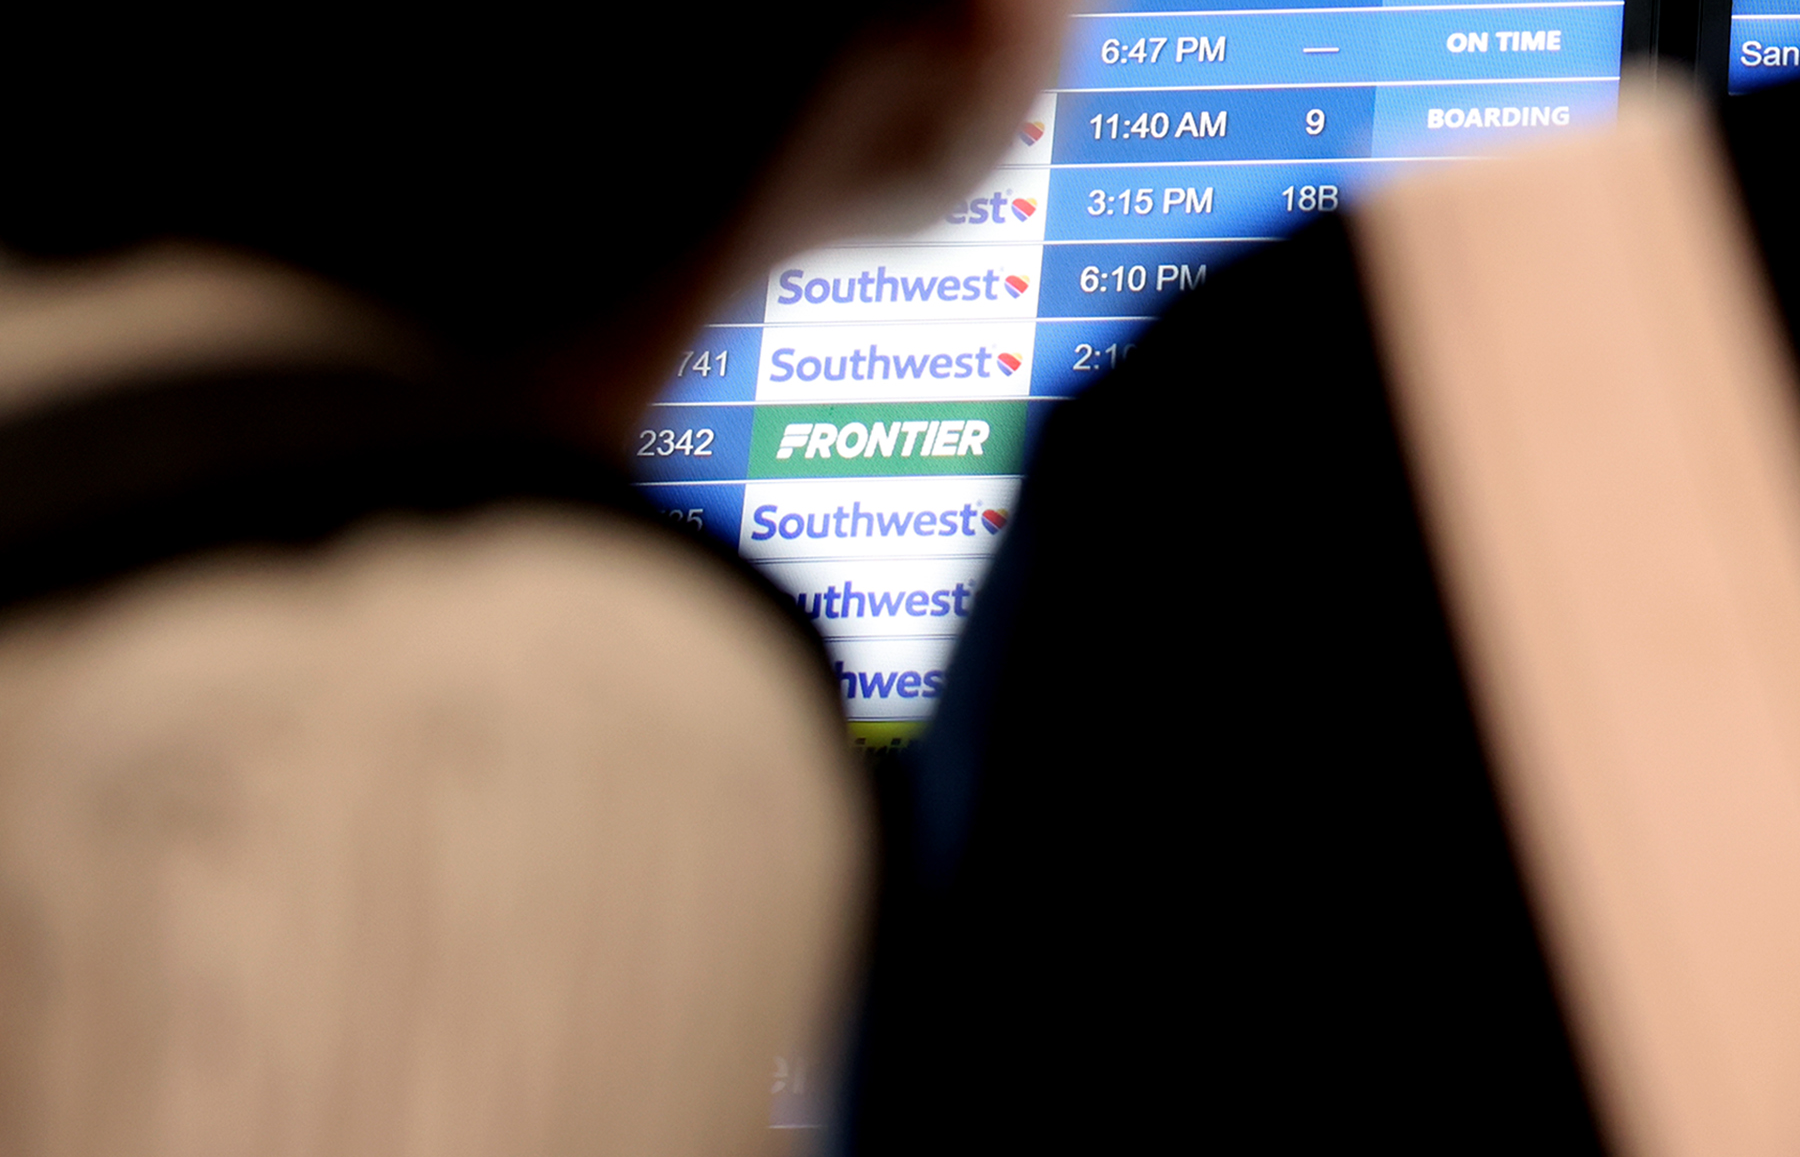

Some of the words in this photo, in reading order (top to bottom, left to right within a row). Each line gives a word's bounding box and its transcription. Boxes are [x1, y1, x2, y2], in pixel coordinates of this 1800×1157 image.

[1101, 39, 1167, 64] 6:47
[1176, 36, 1226, 62] PM
[1740, 41, 1799, 66] San
[1089, 113, 1170, 139] 11:40
[1175, 111, 1228, 137] AM
[1305, 109, 1325, 134] 9
[1427, 107, 1570, 129] BOARDING
[1087, 189, 1154, 216] 3:15
[1162, 187, 1213, 214] PM
[1282, 185, 1339, 212] 18B
[777, 265, 999, 305] Southwest
[1080, 265, 1147, 293] 6:10
[769, 345, 991, 384] Southwest
[638, 429, 714, 458] 2342
[776, 420, 990, 459] FRONTIER
[751, 501, 977, 541] Southwest
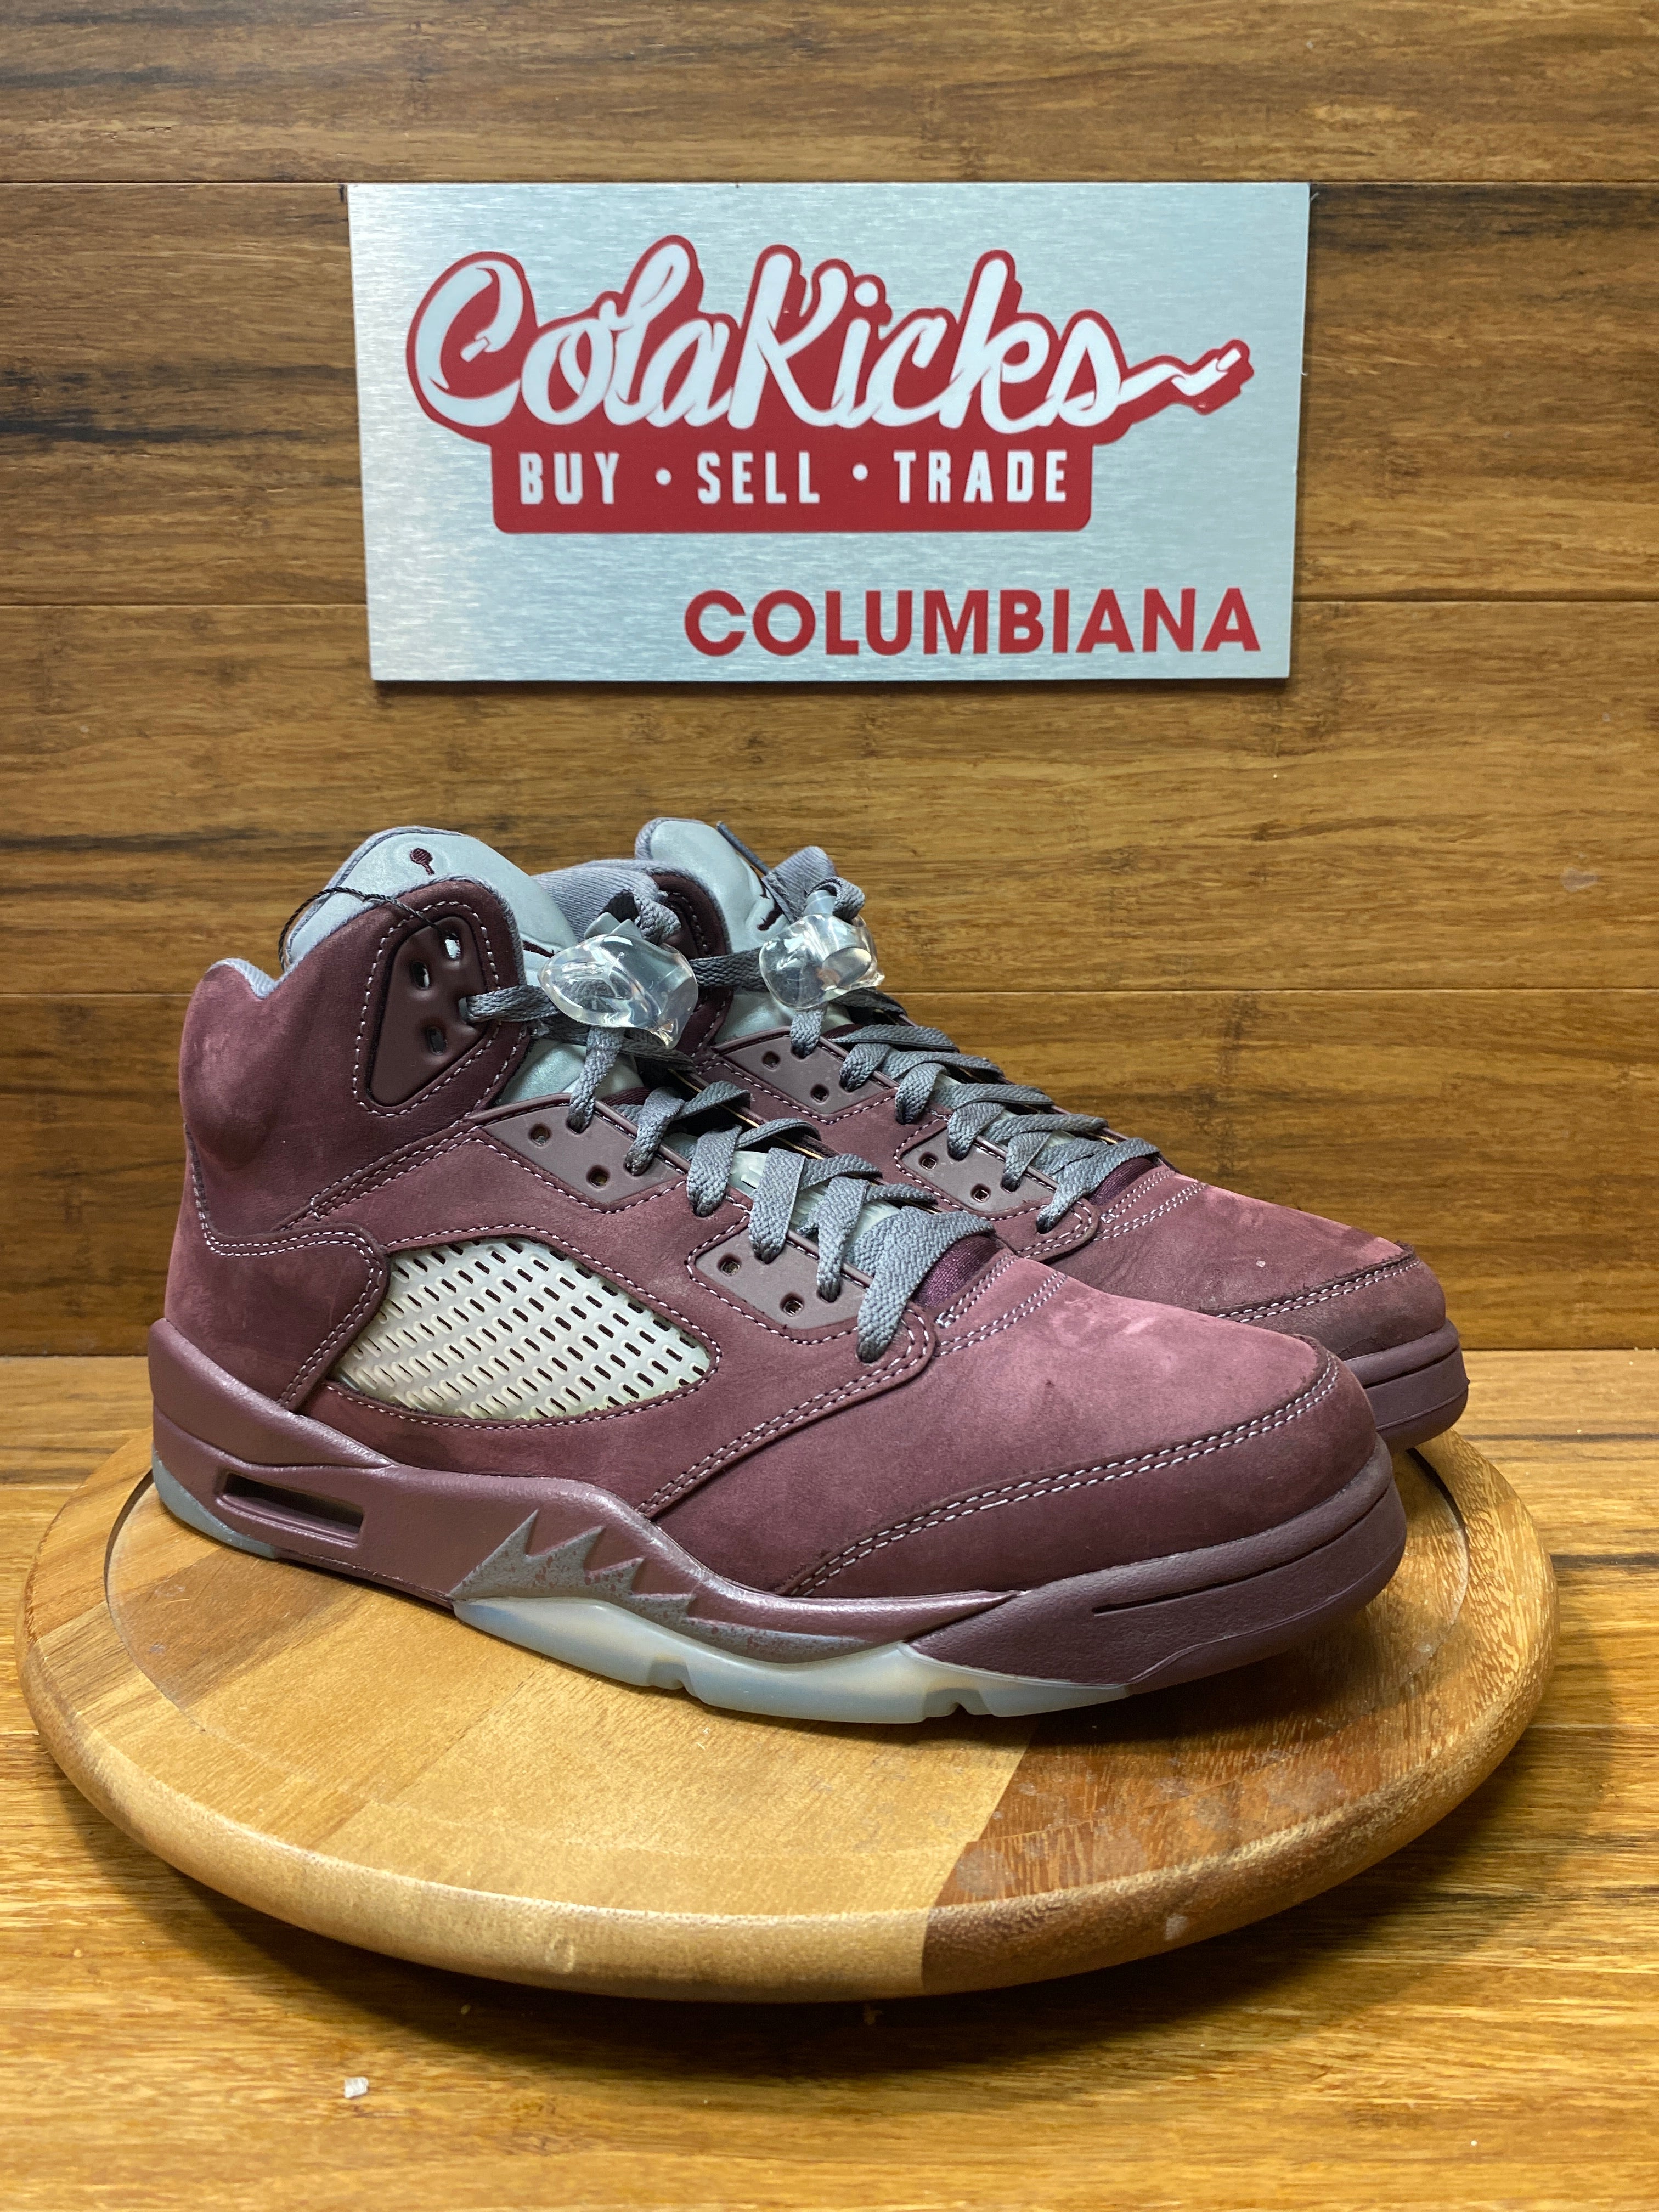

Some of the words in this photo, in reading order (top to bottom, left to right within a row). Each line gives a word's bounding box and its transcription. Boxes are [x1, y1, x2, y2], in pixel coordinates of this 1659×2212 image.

[413, 241, 1242, 435] ColaKicks
[518, 451, 620, 505] BUY
[696, 450, 820, 505] SELL
[893, 449, 1068, 504] TRADE
[685, 588, 1259, 655] COLUMBIANA

TASK ITEM -> Every line from the one containing "this 1659×2212 image." through the final line of the data above is to be restated word for word, and nothing more.

RESPONSE TO THE TASK ->
Some of the words in this photo, in reading order (top to bottom, left to right within a row). Each line gives a word's bounding box and its transcription. Boxes are [x1, y1, x2, y2], in pixel coordinates of this 1659×2212 image.

[413, 241, 1242, 435] ColaKicks
[518, 451, 620, 505] BUY
[696, 450, 820, 505] SELL
[893, 449, 1068, 504] TRADE
[685, 588, 1259, 655] COLUMBIANA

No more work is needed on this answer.